In the copy, include no pictures. Reproduce the rest of the entries exactly.
DATA FOR REVIEW section start
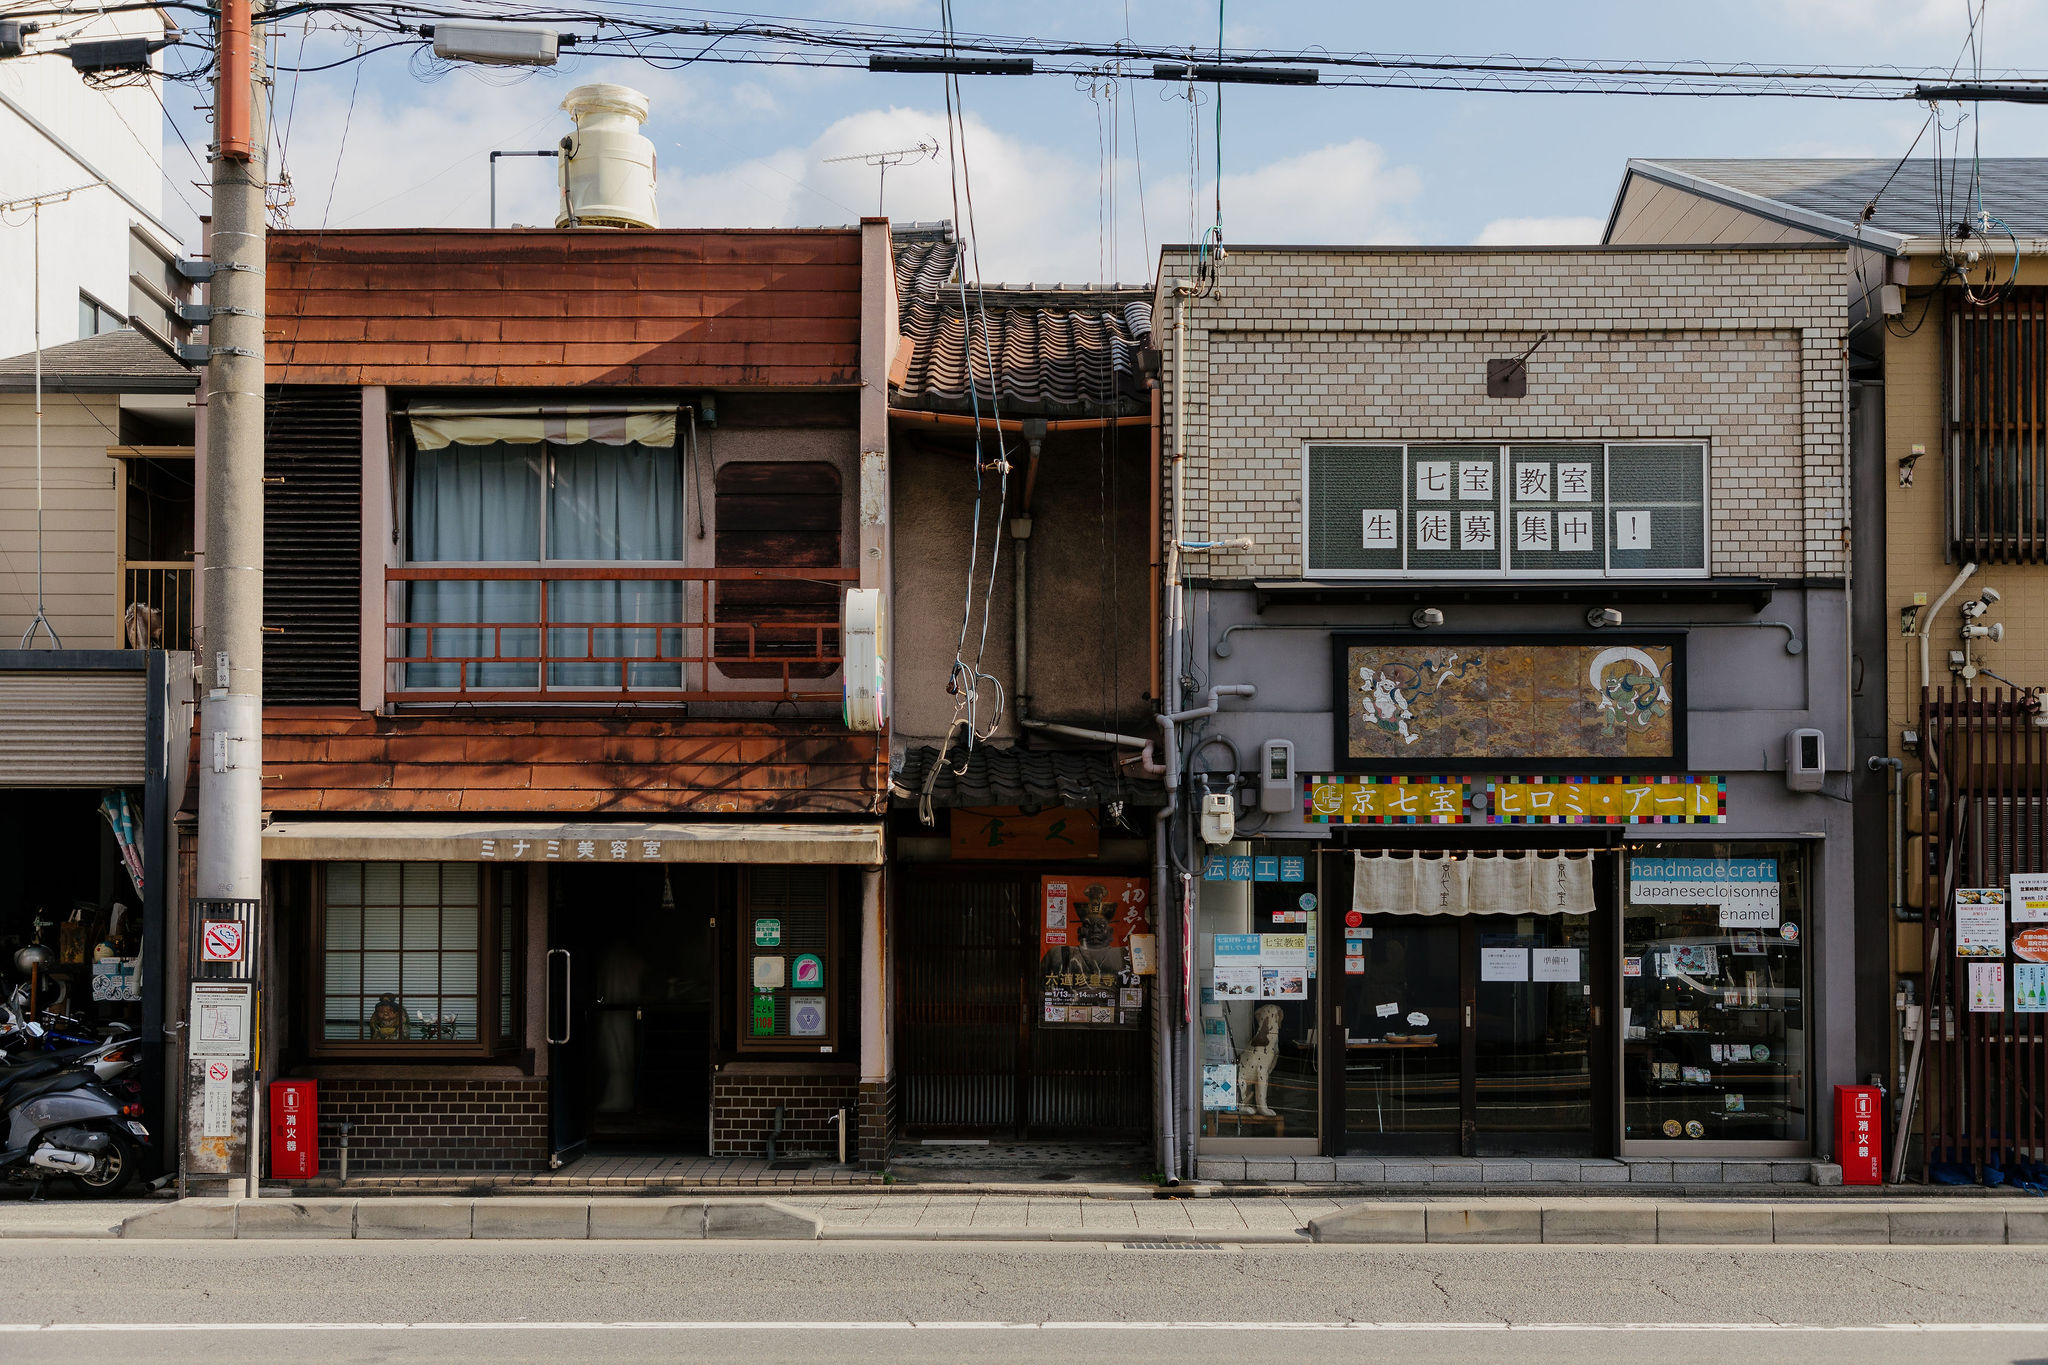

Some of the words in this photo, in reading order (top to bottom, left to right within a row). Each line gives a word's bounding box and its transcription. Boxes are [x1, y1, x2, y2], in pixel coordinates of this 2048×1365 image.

[1420, 466, 1588, 496] 七宝教室
[1350, 785, 1456, 814] 京七宝
[1500, 785, 1710, 814] ヒロミ・アート
[480, 839, 661, 859] ミナミ美容室
[1207, 858, 1302, 878] 伝統工芸
[1632, 861, 1726, 877] handmade
[1728, 861, 1774, 877] craft
[1440, 864, 1451, 907] 京七宝
[1557, 863, 1567, 906] 京七宝
[1720, 907, 1774, 920] enamel
[1264, 937, 1305, 947] 七宝教室
[1045, 973, 1116, 987] 六道珍皇寺
[756, 1005, 773, 1013] こども
[286, 1114, 297, 1151] 消火器
[1858, 1120, 1869, 1157] 消火器
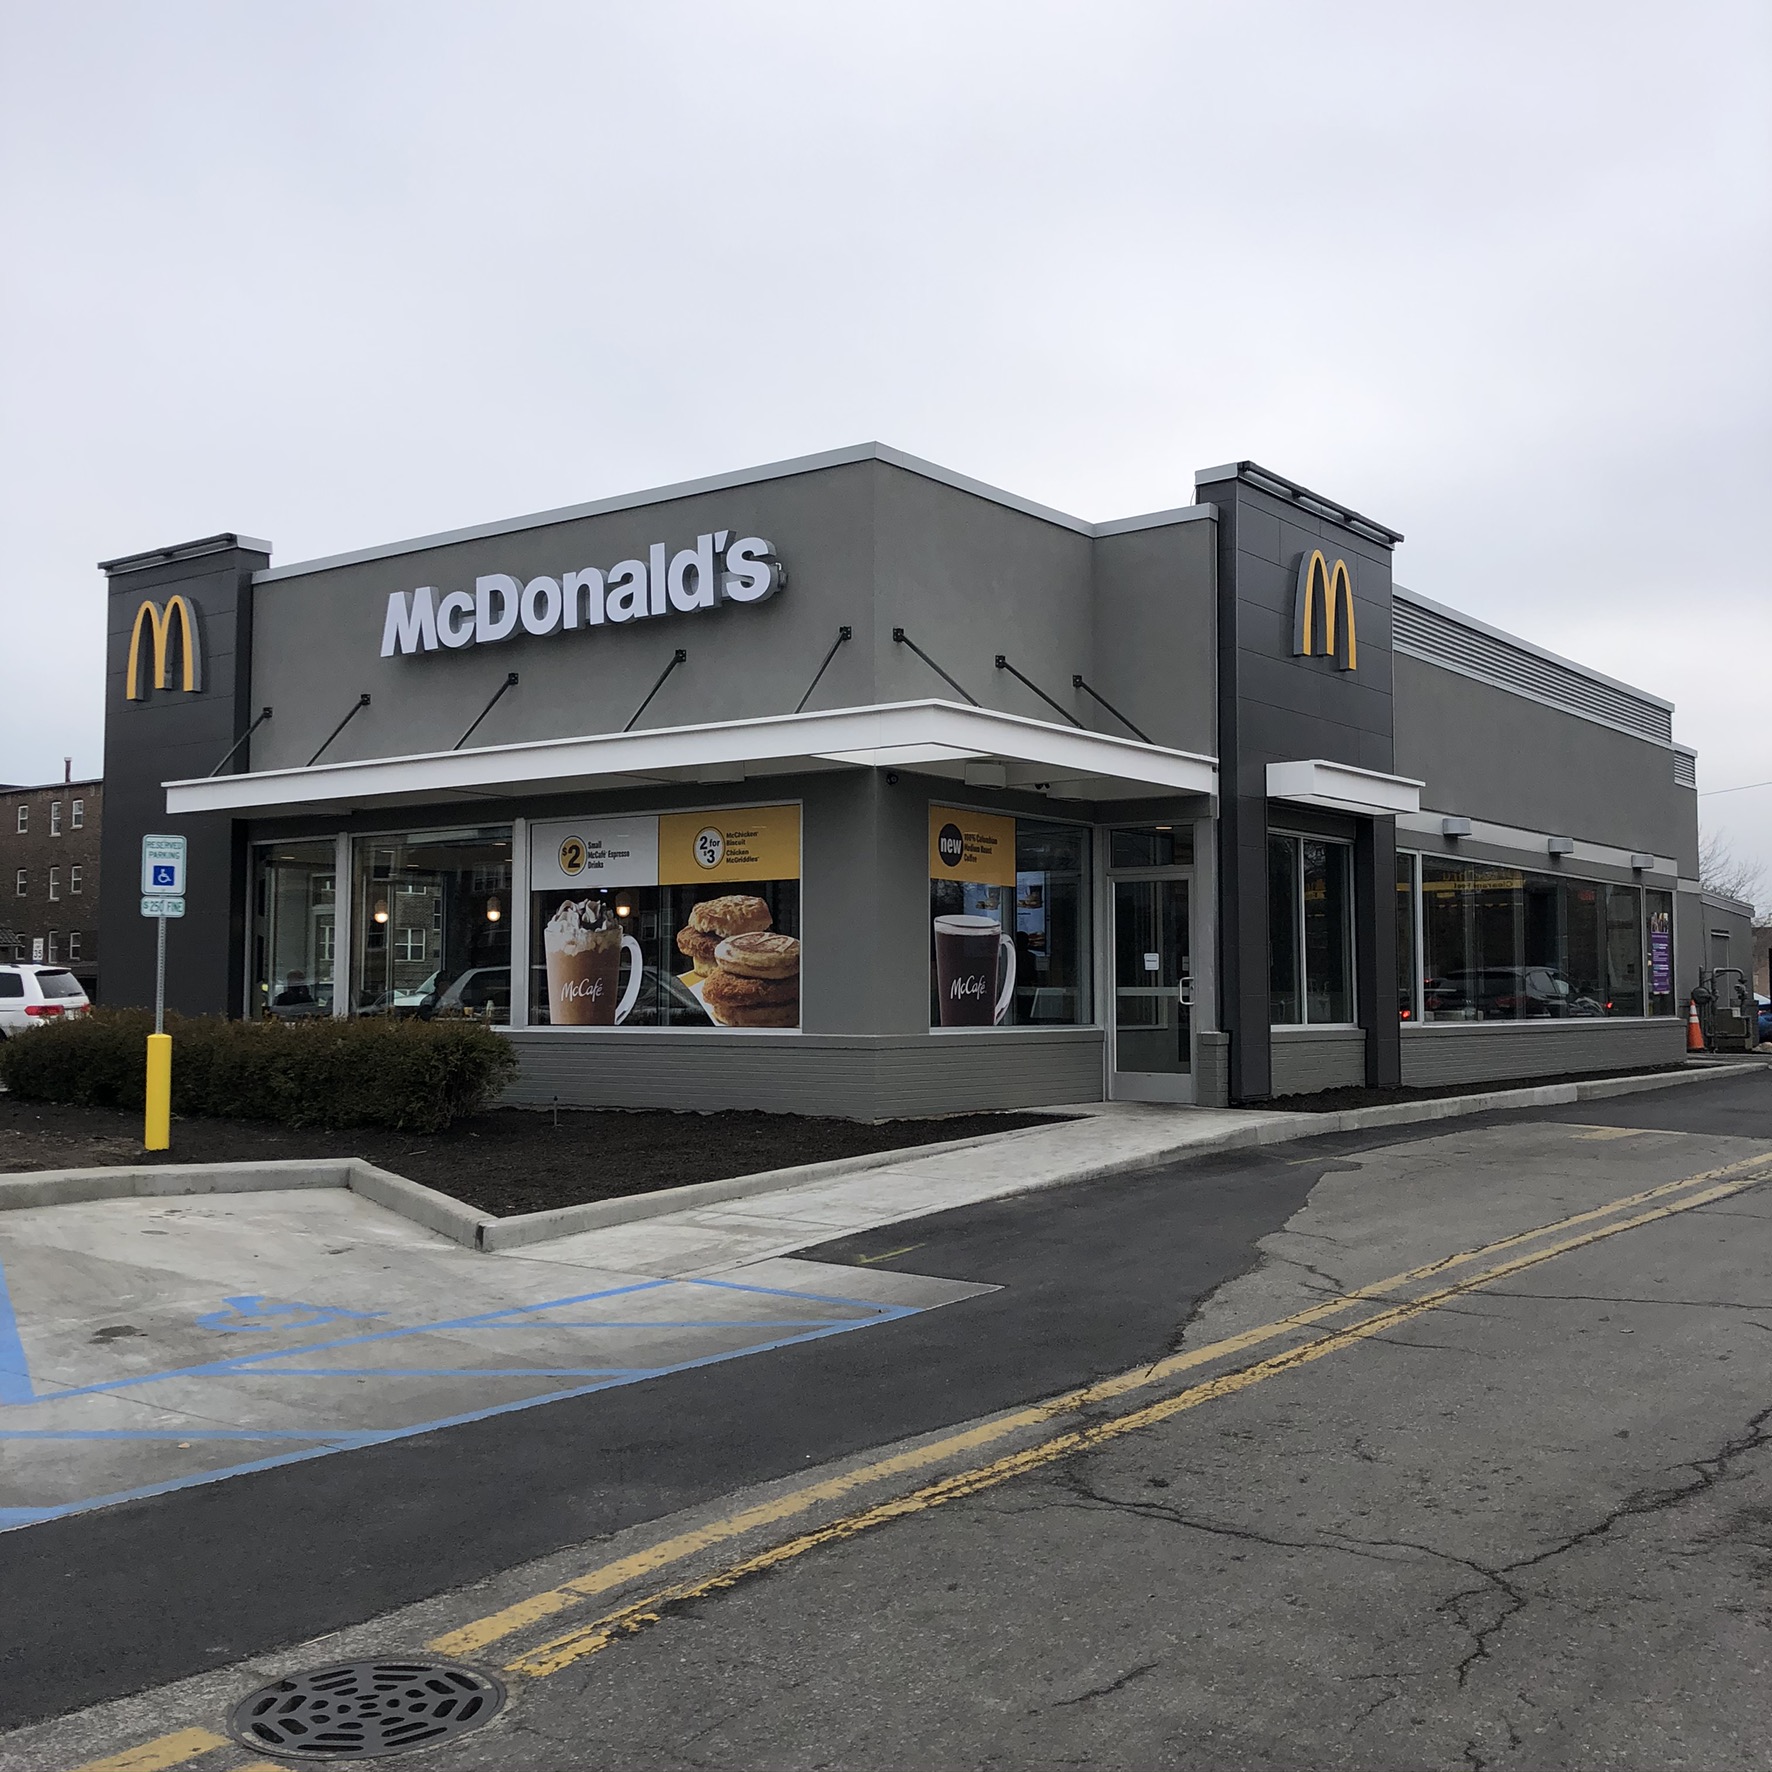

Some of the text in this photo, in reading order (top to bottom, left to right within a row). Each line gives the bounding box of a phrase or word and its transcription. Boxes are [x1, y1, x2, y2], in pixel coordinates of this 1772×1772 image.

[380, 529, 775, 659] McDonald's
[147, 841, 183, 850] RESERVED
[587, 841, 602, 849] Small
[699, 836, 721, 850] 2 for
[940, 837, 962, 854] new
[148, 851, 180, 859] PARKING
[562, 844, 581, 868] $2
[608, 850, 630, 860] Espresso
[703, 849, 716, 863] $3
[587, 861, 604, 869] Drinks
[166, 901, 183, 912] FINE
[560, 977, 604, 1002] McCafé
[950, 974, 987, 1001] McCafé
DATA FOR REVIEW section end
## TASK ANSWER
Some of the words in this photo, in reading order (top to bottom, left to right within a row). Each line gives a word's bounding box and its transcription. Boxes are [x1, y1, x2, y2], in pixel coordinates of this 2048×1365 image.

[1420, 466, 1588, 496] 七宝教室
[1350, 785, 1456, 814] 京七宝
[1500, 785, 1710, 814] ヒロミ・アート
[480, 839, 661, 859] ミナミ美容室
[1207, 858, 1302, 878] 伝統工芸
[1632, 861, 1726, 877] handmade
[1728, 861, 1774, 877] craft
[1440, 864, 1451, 907] 京七宝
[1557, 863, 1567, 906] 京七宝
[1720, 907, 1774, 920] enamel
[1264, 937, 1305, 947] 七宝教室
[1045, 973, 1116, 987] 六道珍皇寺
[756, 1005, 773, 1013] こども
[286, 1114, 297, 1151] 消火器
[1858, 1120, 1869, 1157] 消火器

Some of the text in this photo, in reading order (top to bottom, left to right within a row). Each line gives the bounding box of a phrase or word and its transcription. Boxes are [x1, y1, x2, y2], in pixel coordinates of this 1772×1772 image.

[380, 529, 775, 659] McDonald's
[147, 841, 183, 850] RESERVED
[587, 841, 602, 849] Small
[699, 836, 721, 850] 2 for
[940, 837, 962, 854] new
[148, 851, 180, 859] PARKING
[562, 844, 581, 868] $2
[608, 850, 630, 860] Espresso
[703, 849, 716, 863] $3
[587, 861, 604, 869] Drinks
[166, 901, 183, 912] FINE
[560, 977, 604, 1002] McCafé
[950, 974, 987, 1001] McCafé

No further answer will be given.